Le messianisme de Thomas Munzer - Chroniques critiques (zones-subversives.com)

Une révolte sociale éclate dans l'Allemagne de 1525. Le féodalisme déclinant s'accompagne de l'émergence du portestantisme. Thomas Munzer, figure de cette guerre des paysans, relie la lutte des classes et le messianisme révolutionnaire.

Thomas Münzer relie religion et révolution au XVIe siècle. Ce théologien rallié à Luther dirige le soulèvement armé qui traverse l’Allemagne en 1525. Il se dresse contre le clergé et les seigneurs féodaux. Cette insurrection regroupe des ouvriers des mines, des paysans et des hommes ordinaires. Friedrich Engels se penche sur cette révolte dans son livre La guerre des paysans, publié en 1850, qui fait écho aux révolutions de 1848. Peu après la révolte spartakiste de 1919, en 1921, Ernst Bloch publie son Thomas Münzer, théologien de la révolution.

Ce livre reste central dans la réflexion d’Ernst Bloch sur l’utopie, le désir et l’espérance. Même si Engels se penche sur Thomas Münzer et la guerre des paysans, les marxistes critiquent l’idéalisme du théologien et sa métaphysique spéculative. Au contraire, le marxisme d'Ernst Bloch se démarque du réductionnisme focalisé sur l’économie.
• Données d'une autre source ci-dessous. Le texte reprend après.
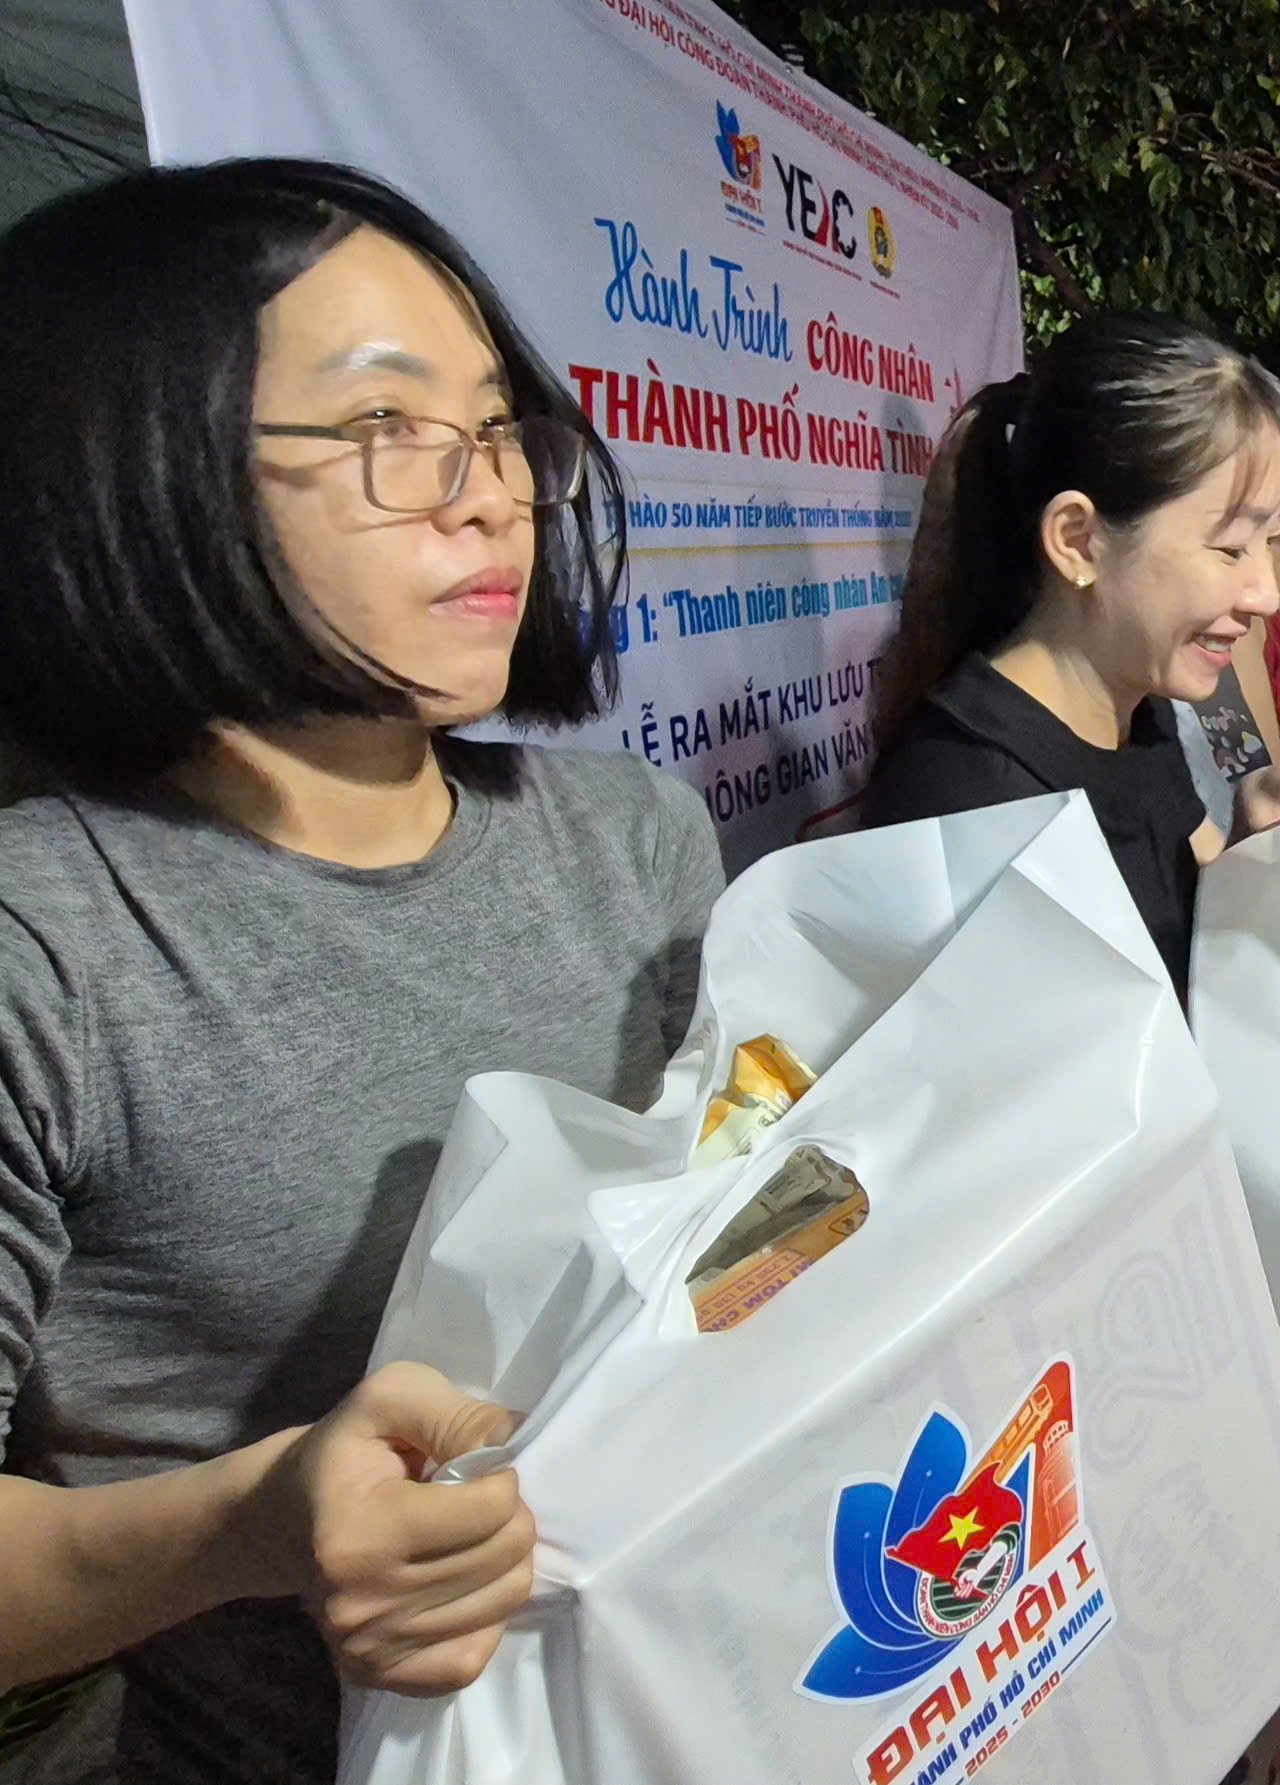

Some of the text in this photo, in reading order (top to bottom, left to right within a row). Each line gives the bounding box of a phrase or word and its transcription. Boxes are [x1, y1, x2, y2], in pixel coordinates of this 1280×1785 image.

Il critique le rationalisme abstrait du marxisme vulgaire et sa conception du changement historique par étapes successives.

                   

Guerre des paysans

Le prédicateur Thomas Münzer sillonne l’Allemagne dans les années 1520. Ses prêches ne visent pas tel ou tel individu mais condamnent toute forme de servitude et d’exploitation. Enflammés par ses sermons contre les idoles, des Allstedtois saccagent une chapelle de la Vierge. Luther est même accueilli à coups de pierres lorsqu’il se montre dans la paroisse de Karlstadt. Thomas Münzer s’exprime en allemand alors que Luther n’ose pas se démarquer de la Messe en latin. Les deux théologiens adoptent également des approches politiques différentes. Luther décide de se montrer accommodant avec les puissants et les gouvernements pour mieux légitimer son entreprise de réforme protestante.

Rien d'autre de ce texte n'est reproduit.